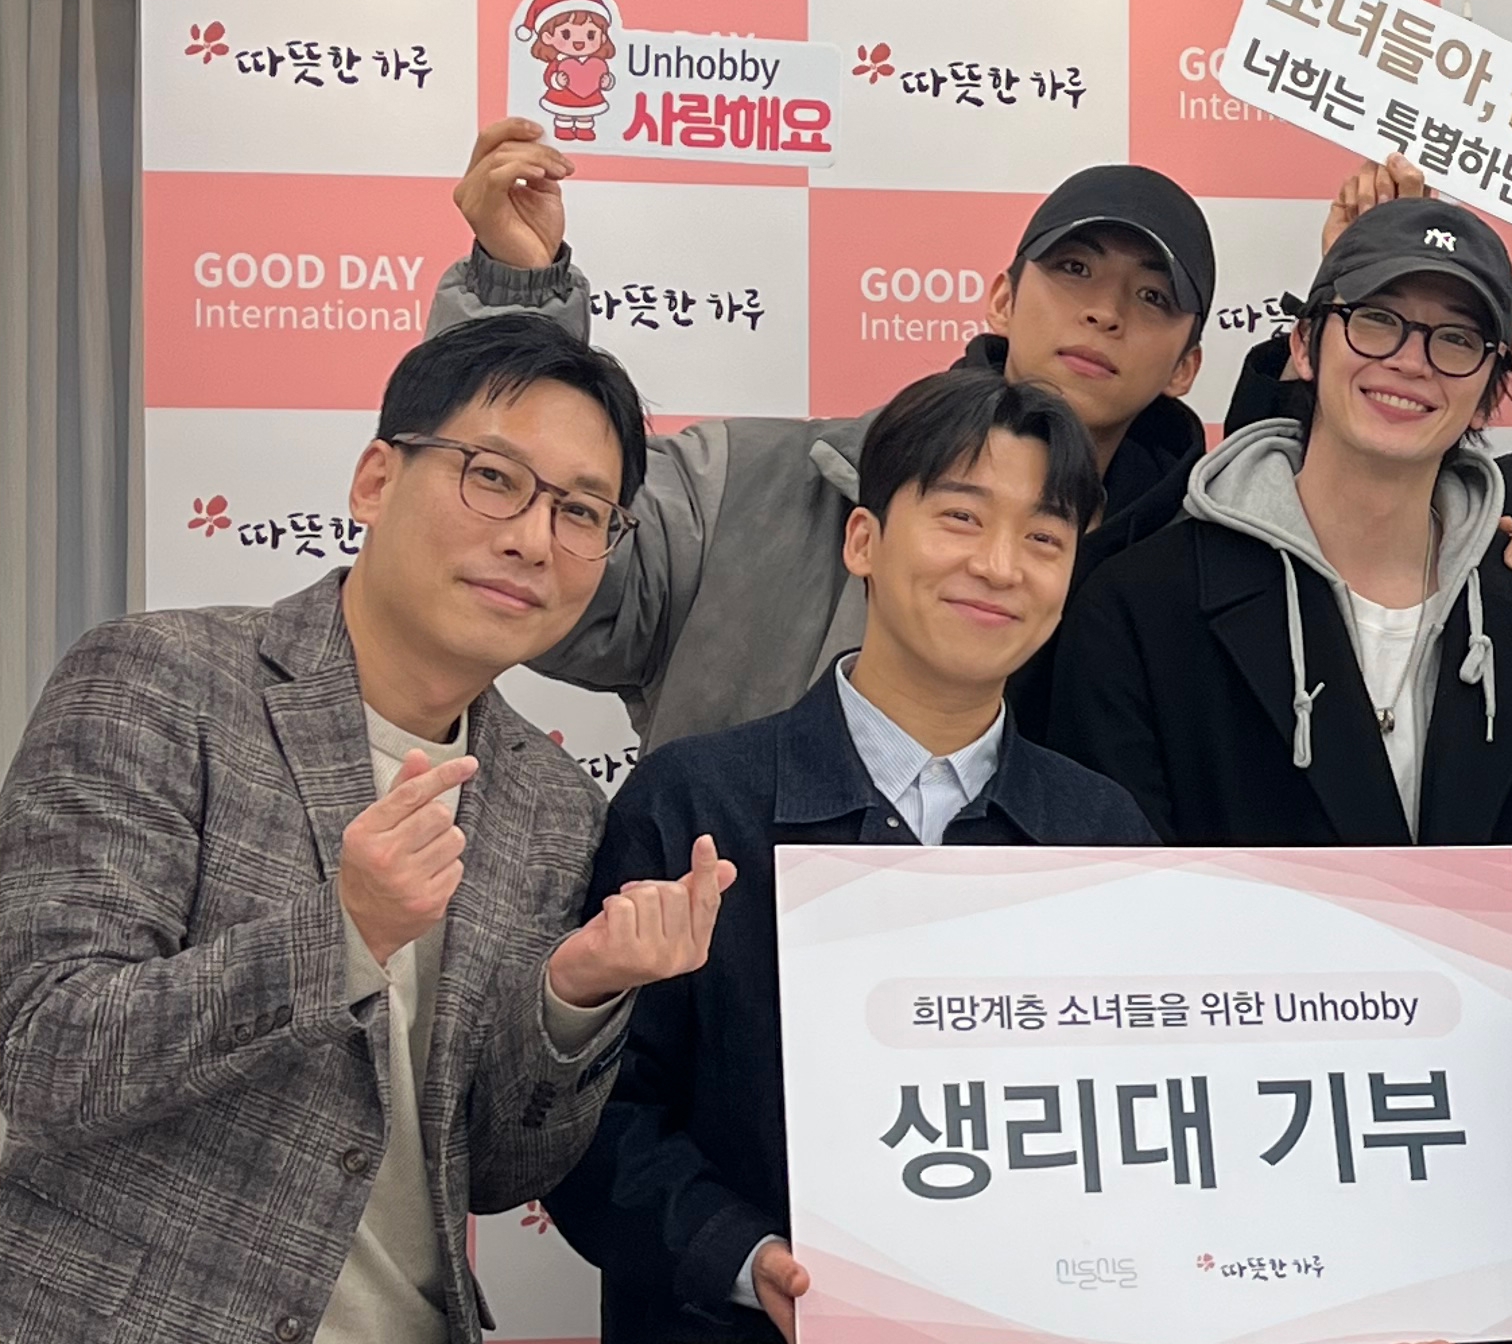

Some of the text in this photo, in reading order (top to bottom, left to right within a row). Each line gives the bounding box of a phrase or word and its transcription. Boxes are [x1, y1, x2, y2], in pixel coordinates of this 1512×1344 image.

[235, 41, 433, 88] 따뜻한 하루
[627, 44, 779, 88] Unhobby
[900, 61, 1087, 108] 따뜻한 하루
[1243, 38, 1366, 131] 너희는
[623, 92, 831, 152] 사랑해요
[194, 252, 424, 291] GOOD DAY
[861, 267, 984, 303] GOOD
[194, 298, 423, 333] International
[707, 288, 765, 331] 하루
[912, 990, 1419, 1031] 희망계층 소녀들을 위한 Unhobby
[879, 1070, 1468, 1199] 생리대 기부
[1220, 1255, 1325, 1282] 따뜻한 하루
···
◆ TO DO
Start at the top line above and repeat the records verbatim, leaving images out.

◆ ANSWER SECTION
Some of the text in this photo, in reading order (top to bottom, left to right within a row). Each line gives the bounding box of a phrase or word and its transcription. Boxes are [x1, y1, x2, y2], in pixel coordinates of this 1512×1344 image.

[235, 41, 433, 88] 따뜻한 하루
[627, 44, 779, 88] Unhobby
[900, 61, 1087, 108] 따뜻한 하루
[1243, 38, 1366, 131] 너희는
[623, 92, 831, 152] 사랑해요
[194, 252, 424, 291] GOOD DAY
[861, 267, 984, 303] GOOD
[194, 298, 423, 333] International
[707, 288, 765, 331] 하루
[912, 990, 1419, 1031] 희망계층 소녀들을 위한 Unhobby
[879, 1070, 1468, 1199] 생리대 기부
[1220, 1255, 1325, 1282] 따뜻한 하루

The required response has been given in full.